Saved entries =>
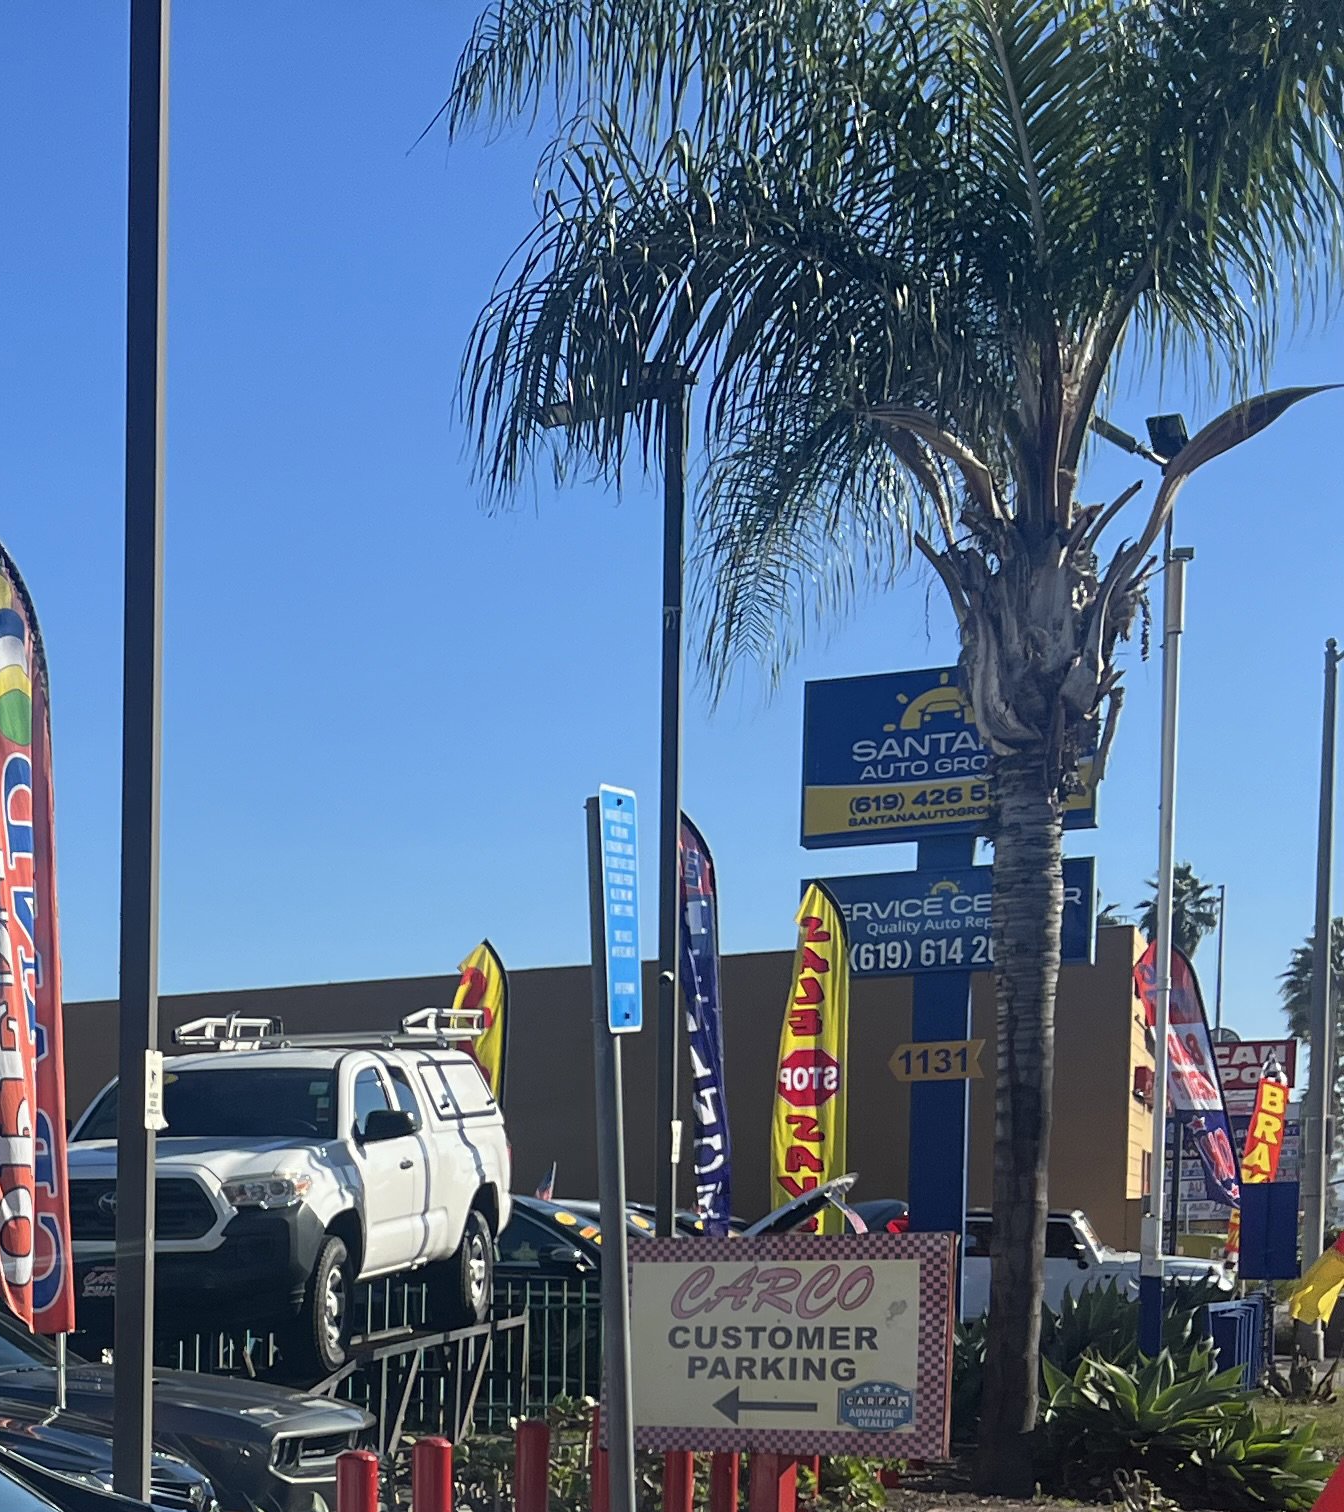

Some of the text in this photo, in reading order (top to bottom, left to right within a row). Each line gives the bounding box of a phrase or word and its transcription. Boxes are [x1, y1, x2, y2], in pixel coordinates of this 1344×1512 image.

[852, 731, 985, 762] SANTA
[860, 754, 990, 780] AUTO GRO
[850, 792, 904, 815] (619)
[912, 787, 962, 807] 426
[848, 805, 989, 827] SANTANAAUTOGRO
[843, 898, 943, 921] ERVICE
[866, 915, 992, 936] Quality Auto Rep
[851, 940, 912, 972] (619)
[920, 938, 963, 967] 614
[898, 1047, 968, 1075] 1131
[671, 1264, 875, 1320] CARCO
[668, 1326, 879, 1350] CUSTOMER
[687, 1356, 857, 1381] PARKING
[849, 1408, 904, 1419] ADVANTAGE
[857, 1419, 894, 1428] DEALER
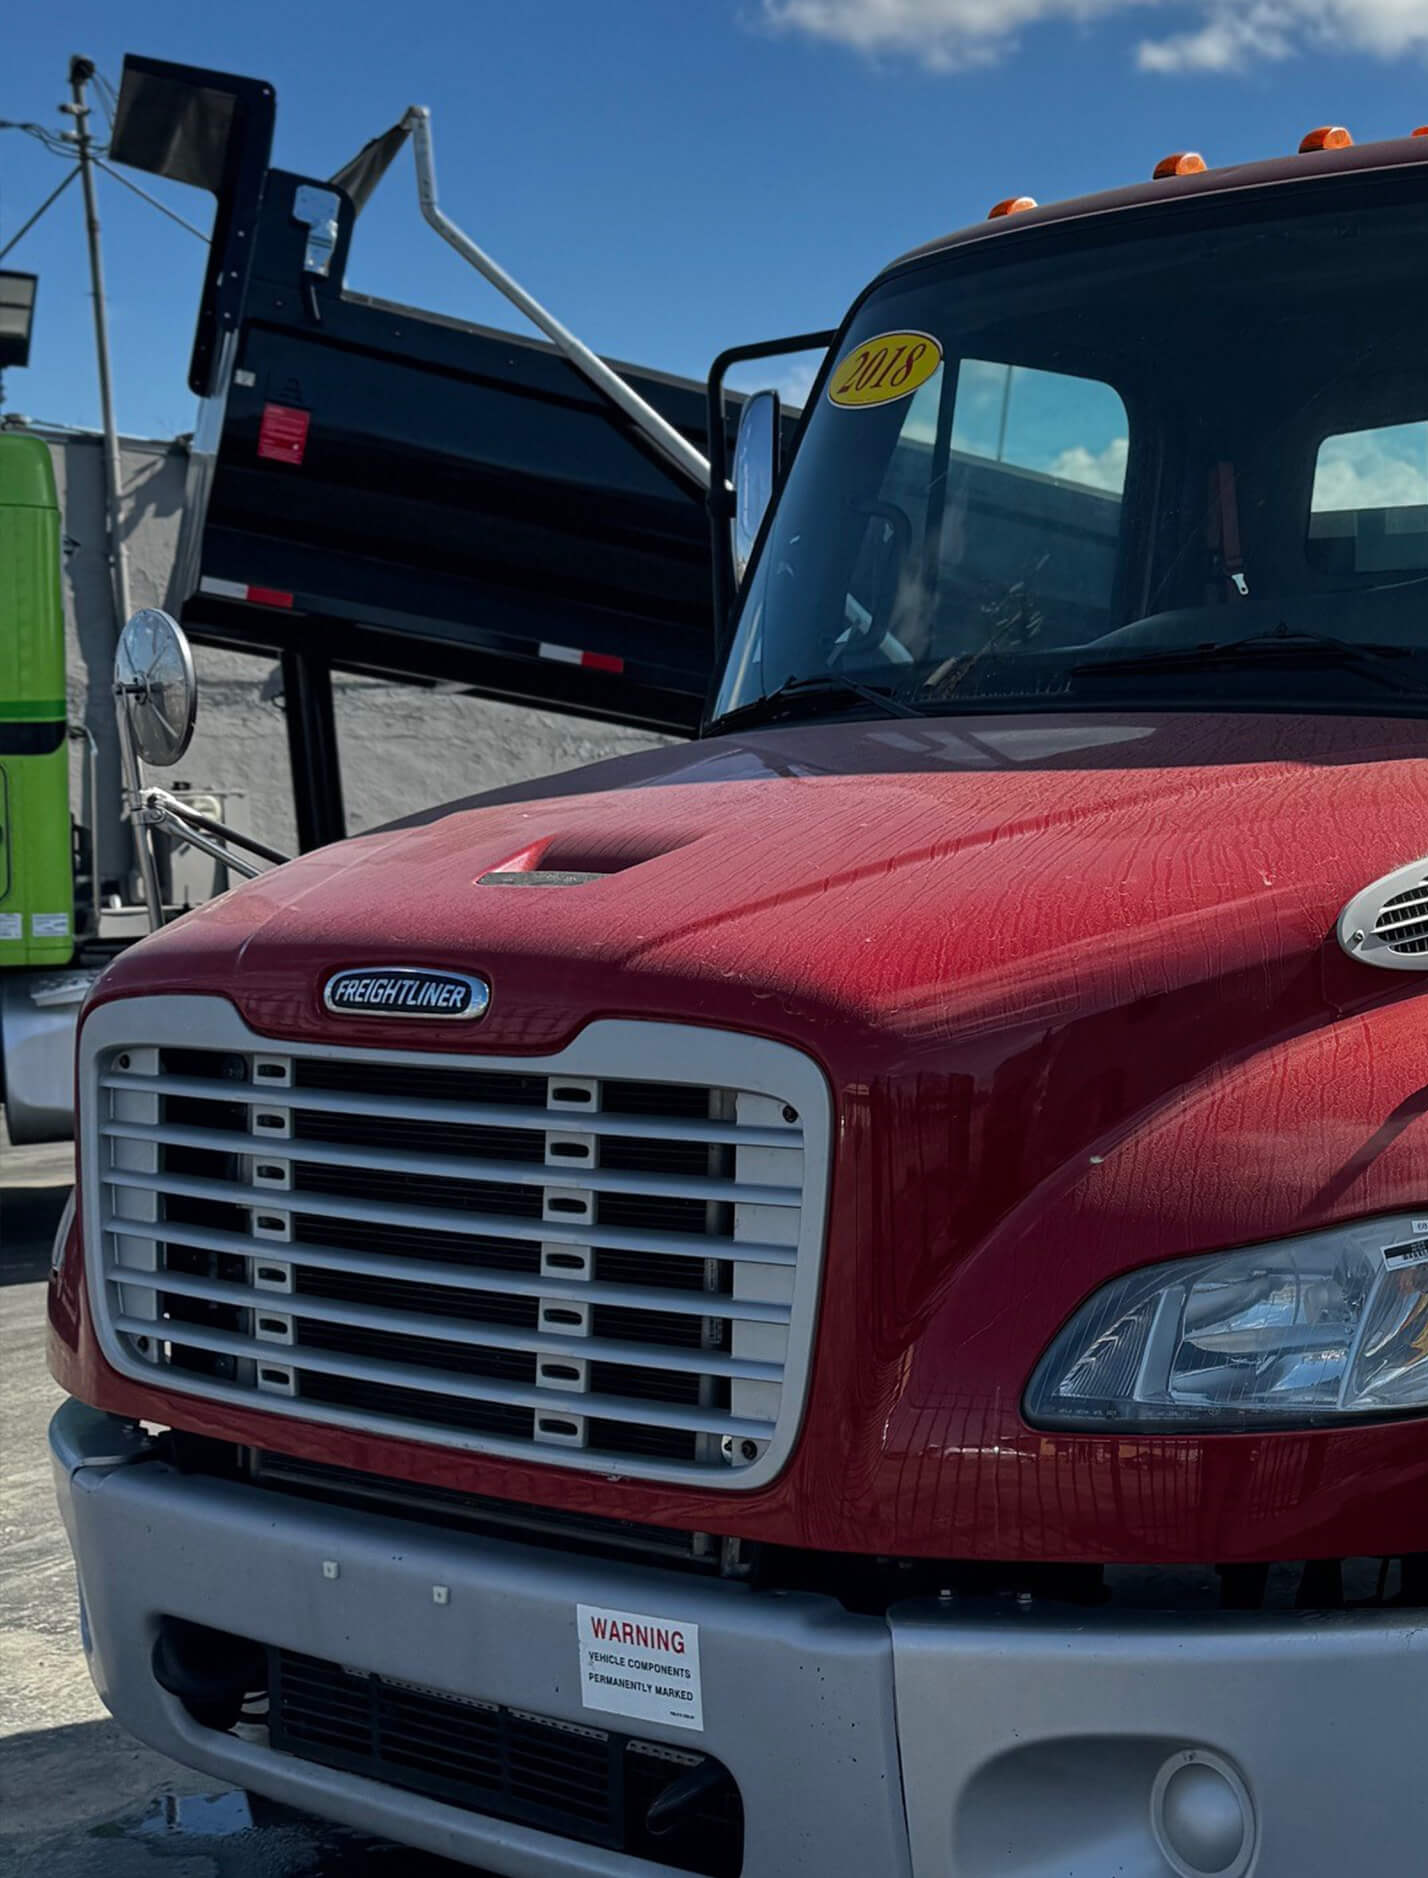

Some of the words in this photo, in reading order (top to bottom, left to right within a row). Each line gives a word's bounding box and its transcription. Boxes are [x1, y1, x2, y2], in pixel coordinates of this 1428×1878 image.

[837, 343, 926, 394] 2018
[335, 979, 466, 1008] FREIGHTLINER
[591, 1616, 685, 1653] WARNING
[588, 1651, 625, 1666] VEHICLE
[627, 1658, 691, 1679] COMPONENTS
[588, 1672, 652, 1694] PERMANENTLY
[655, 1685, 693, 1701] MARKED
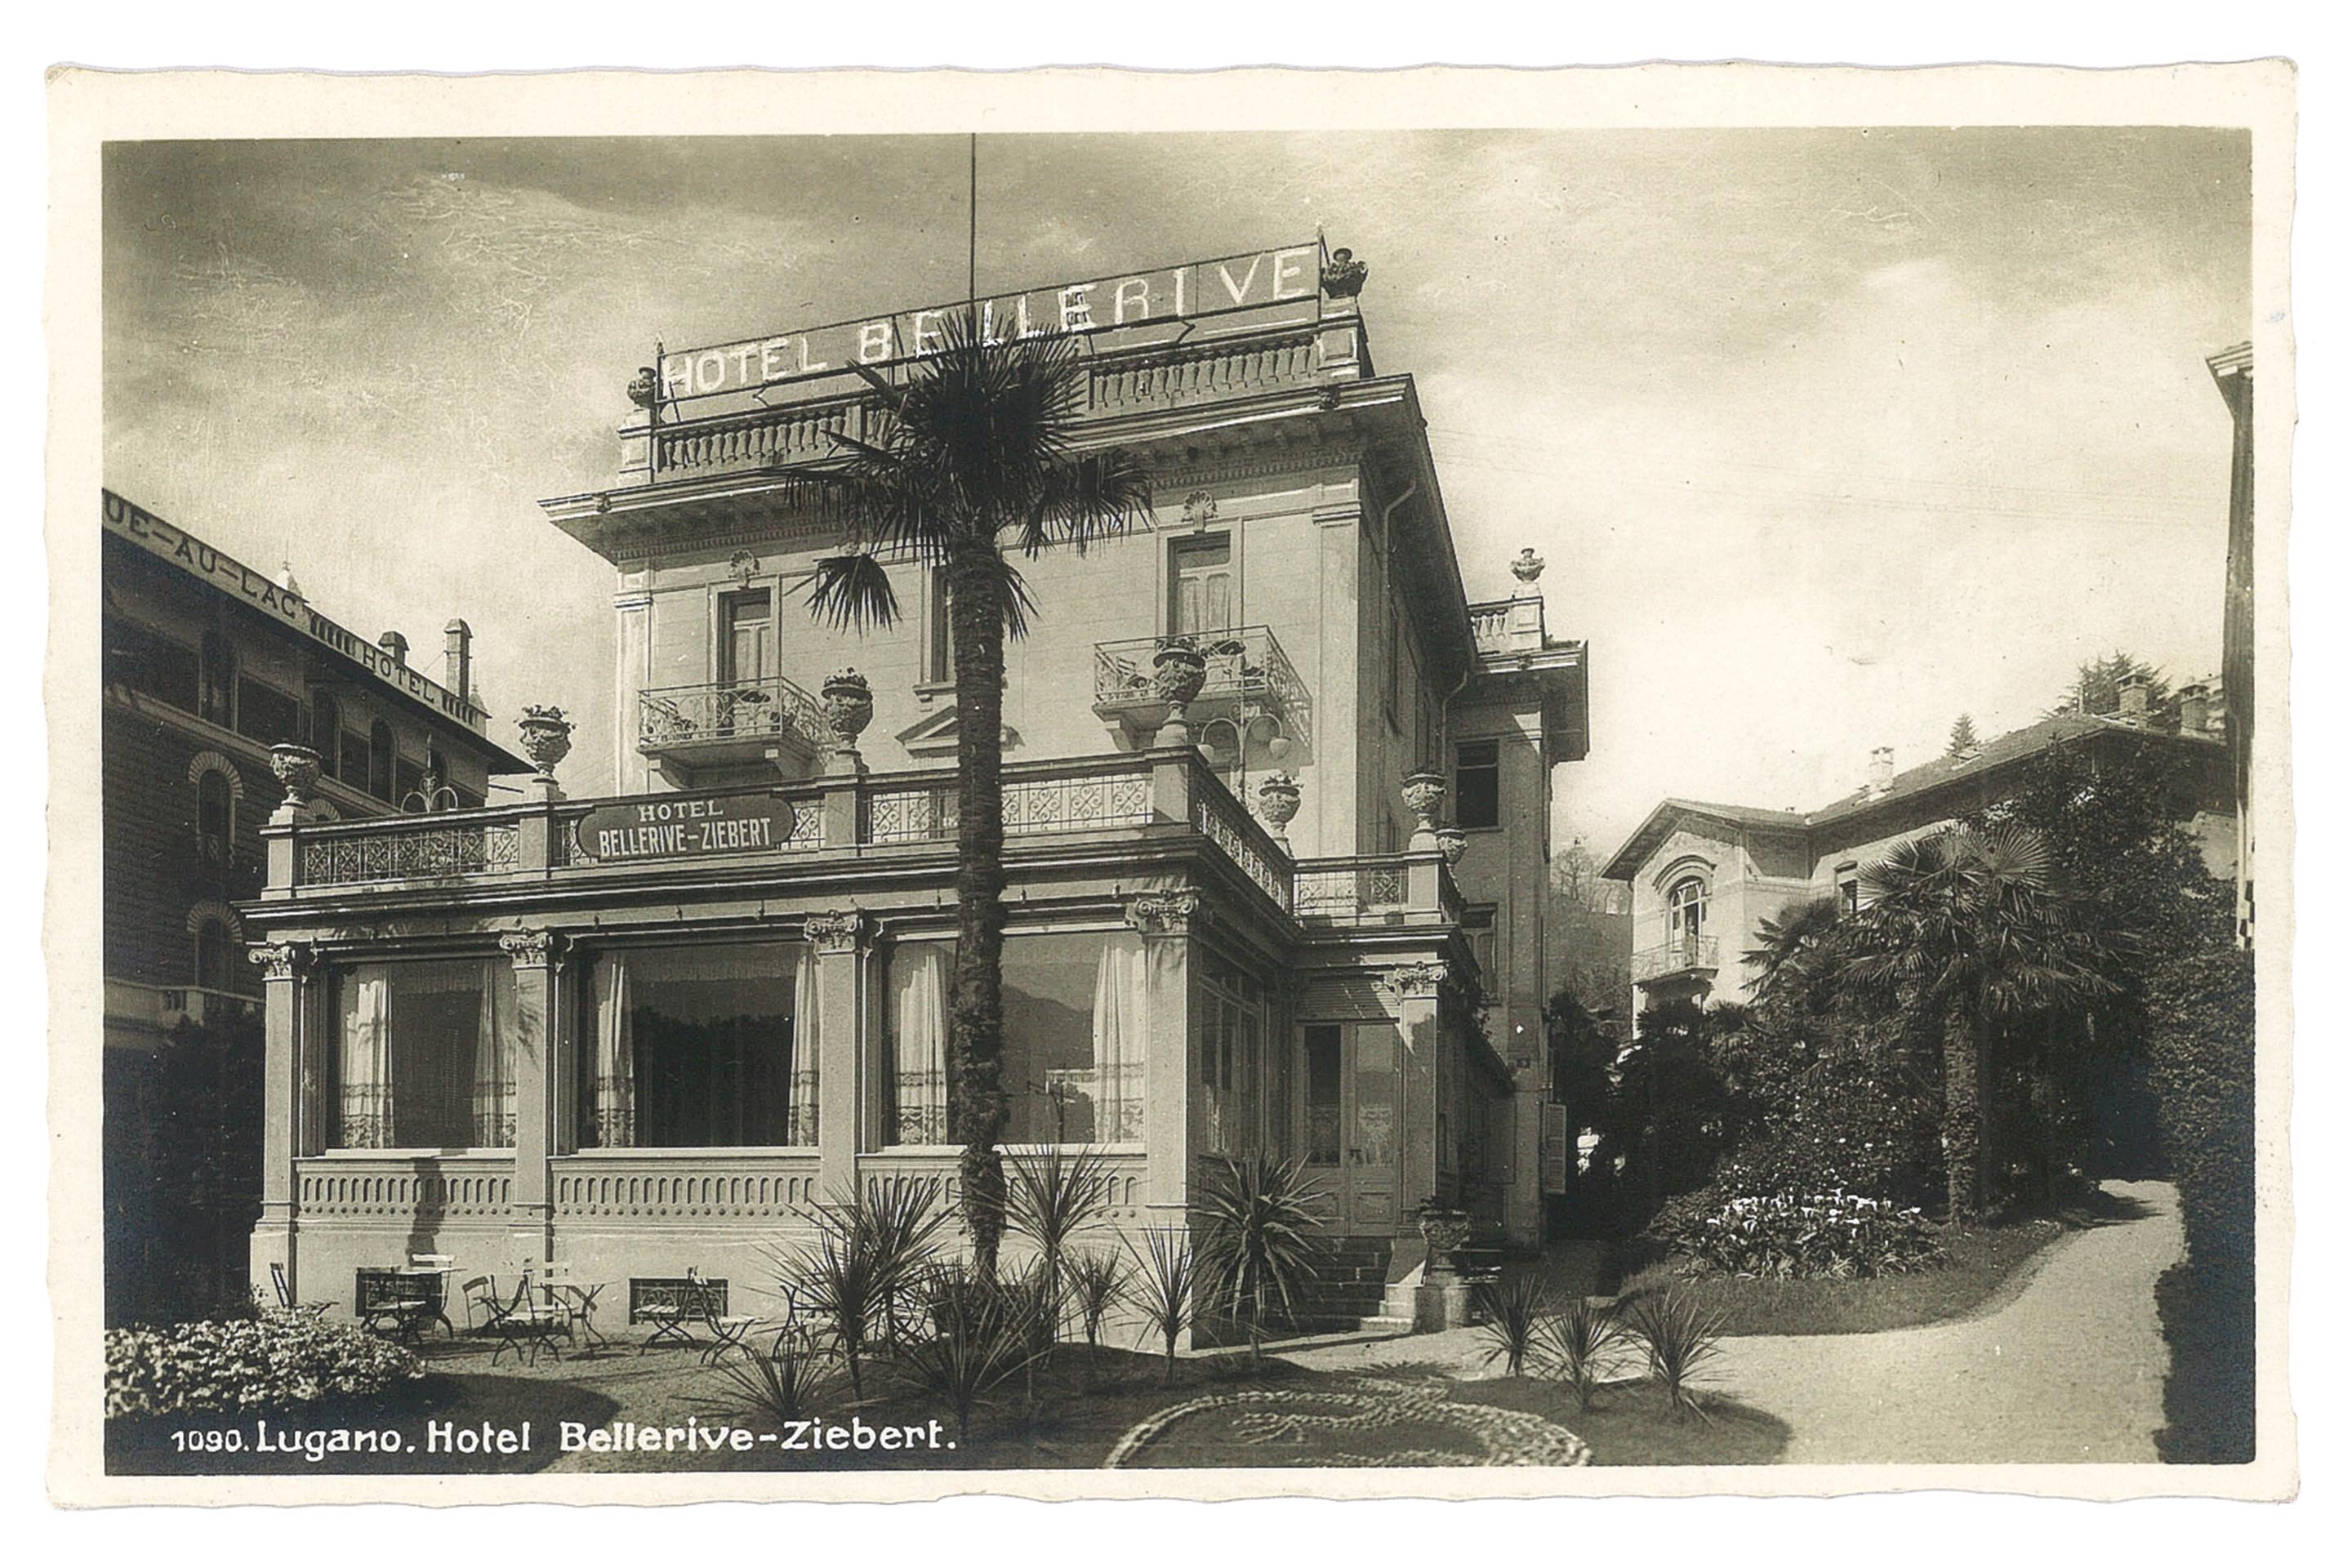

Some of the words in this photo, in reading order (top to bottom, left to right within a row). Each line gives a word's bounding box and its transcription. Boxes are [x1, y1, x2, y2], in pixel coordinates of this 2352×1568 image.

[661, 336, 827, 399] HOTEL
[858, 247, 1312, 366] BELLERIVE
[362, 645, 435, 704] HOTEL
[637, 800, 724, 822] HOTEL
[599, 817, 772, 858] BELLERIVE-ZIEBERT

THE TASK =>
From the line containing "this 2352×1568 image." to the last line above, repeat every line exactly and nothing else.

ANSWER FOR THE TASK =>
Some of the words in this photo, in reading order (top to bottom, left to right within a row). Each line gives a word's bounding box and its transcription. Boxes are [x1, y1, x2, y2], in pixel coordinates of this 2352×1568 image.

[661, 336, 827, 399] HOTEL
[858, 247, 1312, 366] BELLERIVE
[362, 645, 435, 704] HOTEL
[637, 800, 724, 822] HOTEL
[599, 817, 772, 858] BELLERIVE-ZIEBERT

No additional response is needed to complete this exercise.